Fermented foods: what they are, benefits


Introduction

Miso, kefir, yogurt, fermented vegetables, kombucha tea, brewer's yeast, they are all fermented foods that can become part of the daily diet, bringing significant benefits to the entire body. All, in general, increase thecontribution pro-biotico for the benefit of the intestine, and the natural defenses of the organism. There fermentation, in addition to preserving food, it also helps digestion because part of the digestion of food is already included in the fermentation process. How does fermentation happen? In short, a food is deprived of itsoxygen and left macerate in a sterile container, usually glass jars. If you add sale one happens lactic fermentationif added vinegar an acetic fermentation, or allowing their own to develop alcoholic ferments.

What is a fermented food?

A fermented food is the result of a biochemical process of yeasts and bacteria, or more generally by microorganisms, which colonize the starting product (vegetables, fruit, milk, soy) and release the energy contained in the sugars or amino acids of the same in order to be able to use it. The food that has been transformed is now much more nutritionally rich.
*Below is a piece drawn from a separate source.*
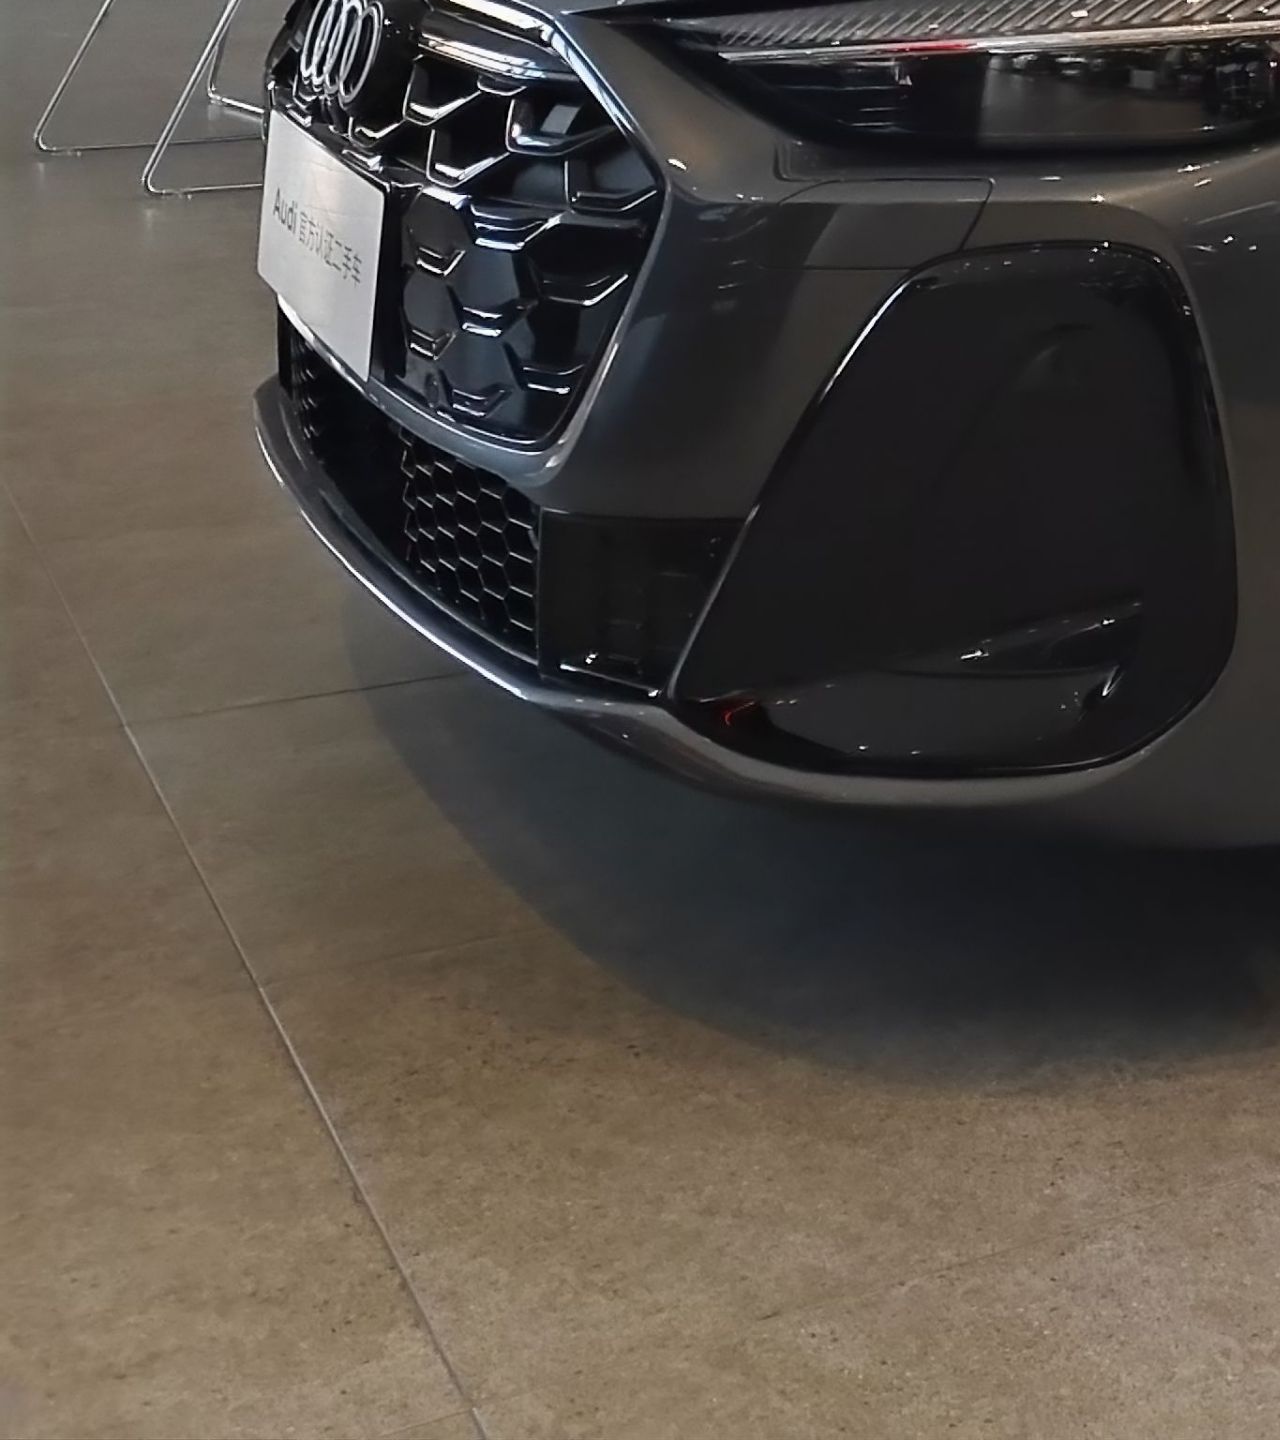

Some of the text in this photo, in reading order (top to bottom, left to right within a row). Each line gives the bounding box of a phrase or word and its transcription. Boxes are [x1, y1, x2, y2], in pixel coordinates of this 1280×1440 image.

[273, 187, 362, 288] Audi 官方认证二手车
Fermented foods: what are they?

They are different fermented foods which are a regular part of the daily diet. Some derive from Eastern culture, others, however, from Western and Northern European popular tradition. Among the most common we have:

  • Miso: it is a natural fermented condiment obtained from soy, cereals and whole sea salt widely used for centuries in Japan and China. It is a soft brown pasta that replaces the classic kitchen stock cube in the preparation of vegetables, meat or vegetable broth homemade. The dishes, with a small addition, will be rich in probiotics. Miso regulates intestinal functions and strengthens the immune system.
  • Kimchi: typical very spicy Korean dish based on fermented vegetables: cabbage, radishes, cucumbers and spring onions with the addition of ginger, chilli pepper, garlic, water and salt.
  • Tempeh: versatile food in the kitchen, especially for vegan or vegetarian diets, obtained from fermentation of cooked soybeans. It looks like a sort of dough, ideal for preparing stews, chilli and for filling fresh pasta ravioli.
  • Kefir: fermented drink based on milk and water rich in lactic ferments and active probiotics. In large-scale retail trade, or in organic supermarkets, you can also find yogurt and kefir-based smoothies. Excellent alternative to cow's milk or vegetable drinks for breakfast. It does not contain lactose.
  • Sauerkraut: vegetables traditionally consumed in the northernmost regions of Italy and in northern Europe where the cultivation of cabbage which is fermented with the addition of salt (not vinegar as the characteristic sour taste might suggest).
  • Kombucha: kombucha tea is a drink of oriental origin beneficial for the kidneys, stomach and spleen.
  • Beer
  • Mother yeast: flour, acidified water due to the proliferation of yeasts and lactic bacteria which obviously trigger fermentation. Bread, pizza and leavened products with sourdough are much more digestible than common doughs with brewer's yeast.
  • Gherkins

How to ferment vegetables at home

Preparing fermented vegetables at home is not that complicated: just wash, peel (if necessary), and cut the vegetables. The most suitable are: cabbage, celery, carrots, onion. Quantities:1 kg of vegetables, 10 g of coarse salt and 1 l of water. The vegetables are squeezed to eliminate the juices, closed in a sterilized glass jar, closed and shaken several times a day, but only before fermentation starts, so as to oxygenate the contents. The vegetables will be fermented and consumed after approximately 3 weeks. They keep for about a year. Beware of Botox. Fermented foods can to perish. Attention must be paid to the times and methods of conservation and especially to botulinum toxin. In reality, if fermentation starts, such a high acidity develops (pH 3 or 4) that it inhibits the proliferation of dangerous bacteria.

Properties of fermented foods

I fermented foods they do well and are necessary especially because of the probiotics. They improve the quality of our immune system, helping us to prevent disorders especially of the oral and gastro-intestinal system. Among the general benefits brought by the consumption of fermented foods, we find:

Fermented foods: contraindications

These are foods that are mostly beneficial for health and intestinal balance, but they should always be consumed with the right moderation. Excessive consumption of fermented foods can have laxative effects and some, such as milk, contain a lot of sugars, although dairy fermentation reduces the levels of complex sugars and lactose present in cheesesin a natural way.